[Stored data]
BEGIN
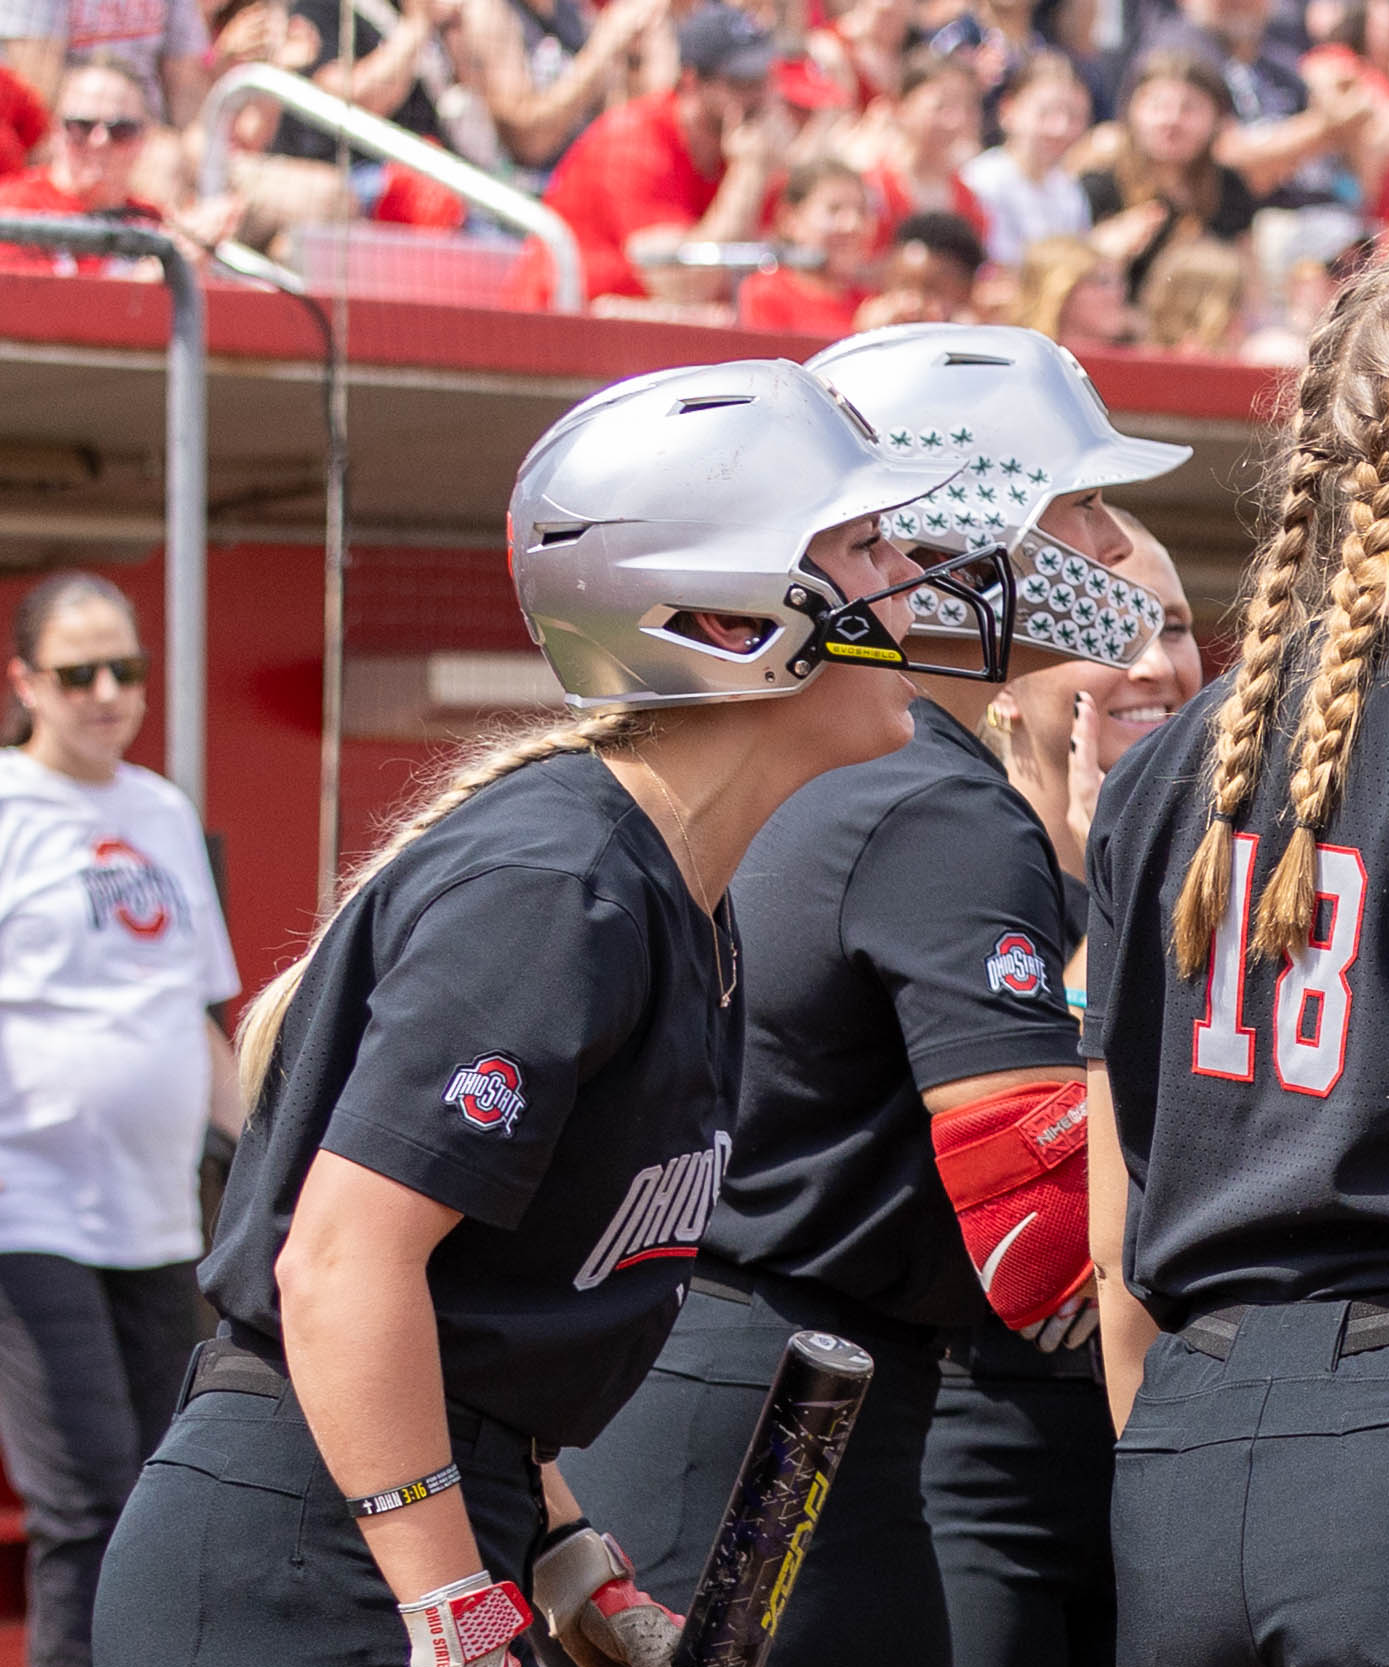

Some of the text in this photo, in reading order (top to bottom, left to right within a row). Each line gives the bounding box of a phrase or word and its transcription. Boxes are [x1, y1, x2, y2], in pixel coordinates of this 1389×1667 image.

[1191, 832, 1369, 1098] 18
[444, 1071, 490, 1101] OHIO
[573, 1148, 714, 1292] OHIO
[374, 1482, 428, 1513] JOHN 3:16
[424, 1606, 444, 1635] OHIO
END
Except for pictures, copy the records above exactly.

Some of the text in this photo, in reading order (top to bottom, left to right within a row). Each line gives the bounding box of a phrase or word and its transcription. Boxes are [x1, y1, x2, y2], in pixel coordinates of this 1389×1667 image.

[1191, 832, 1369, 1098] 18
[444, 1071, 490, 1101] OHIO
[573, 1148, 714, 1292] OHIO
[374, 1482, 428, 1513] JOHN 3:16
[424, 1606, 444, 1635] OHIO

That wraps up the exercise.